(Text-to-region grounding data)
◆ ◆ ◆ ◆ ◆ ◆ ◆
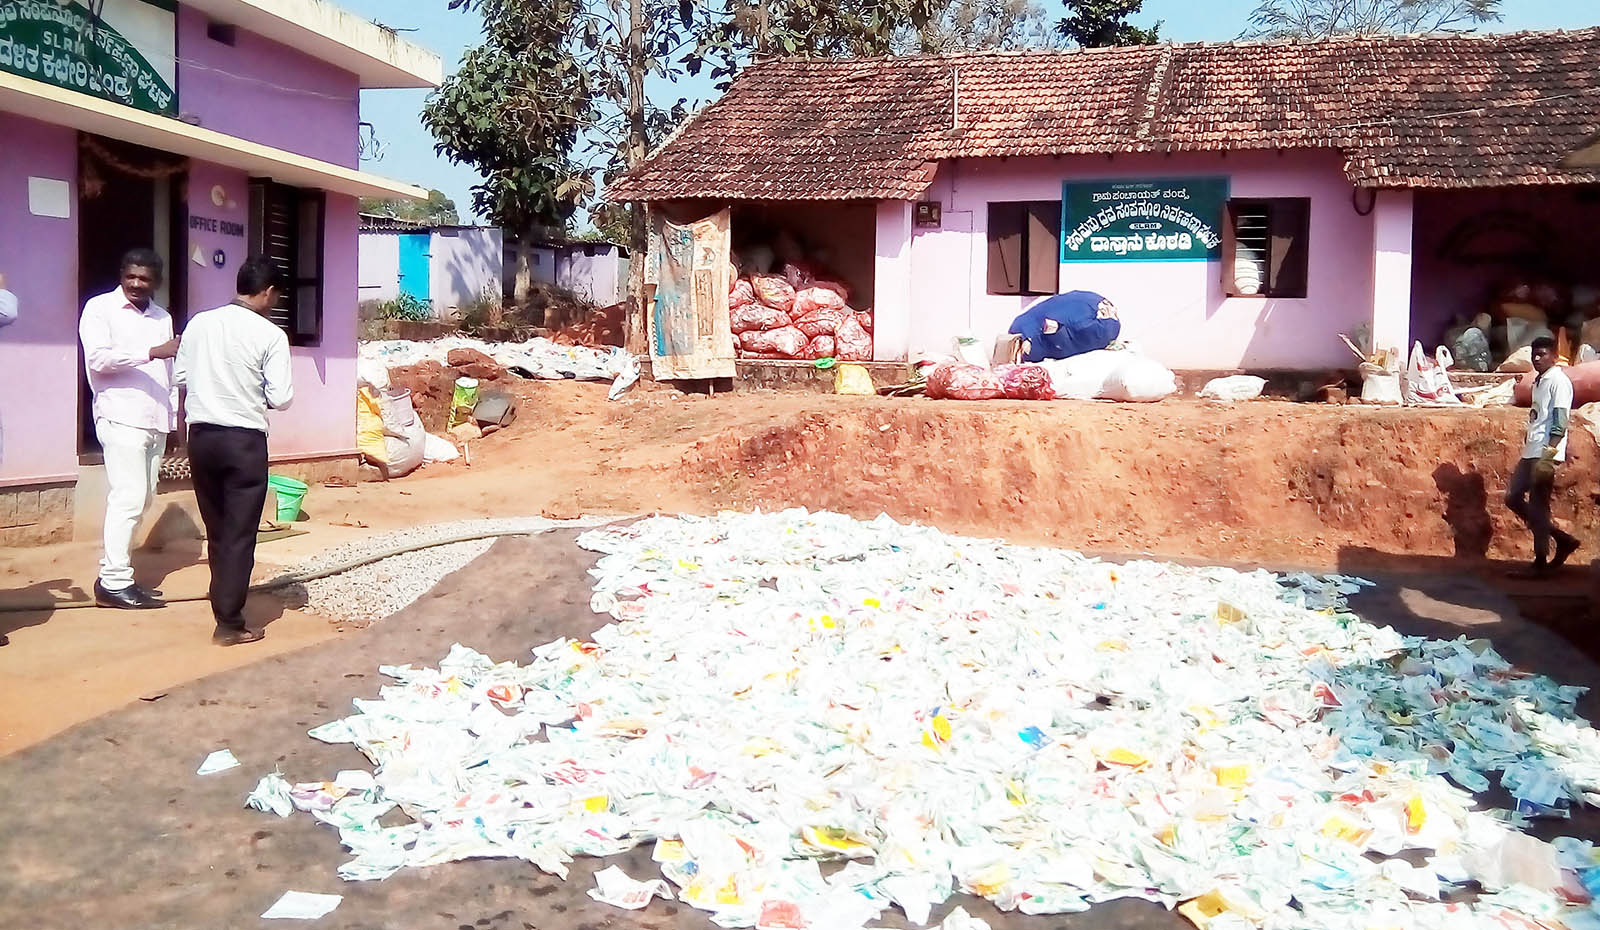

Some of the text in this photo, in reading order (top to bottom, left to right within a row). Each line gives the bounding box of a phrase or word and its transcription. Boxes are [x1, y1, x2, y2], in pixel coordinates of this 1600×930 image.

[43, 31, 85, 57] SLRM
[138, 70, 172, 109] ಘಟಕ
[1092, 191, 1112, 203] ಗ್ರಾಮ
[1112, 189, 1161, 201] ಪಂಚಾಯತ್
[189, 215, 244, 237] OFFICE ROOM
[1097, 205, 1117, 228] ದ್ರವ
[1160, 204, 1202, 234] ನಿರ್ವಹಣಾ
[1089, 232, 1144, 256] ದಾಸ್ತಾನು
◆ ◆ ◆ ◆ ◆ ◆ ◆
Transcribe every entry word for word, excluding images.

> [FINISHED TASK]
Some of the text in this photo, in reading order (top to bottom, left to right within a row). Each line gives the bounding box of a phrase or word and its transcription. Boxes are [x1, y1, x2, y2], in pixel coordinates of this 1600×930 image.

[43, 31, 85, 57] SLRM
[138, 70, 172, 109] ಘಟಕ
[1092, 191, 1112, 203] ಗ್ರಾಮ
[1112, 189, 1161, 201] ಪಂಚಾಯತ್
[189, 215, 244, 237] OFFICE ROOM
[1097, 205, 1117, 228] ದ್ರವ
[1160, 204, 1202, 234] ನಿರ್ವಹಣಾ
[1089, 232, 1144, 256] ದಾಸ್ತಾನು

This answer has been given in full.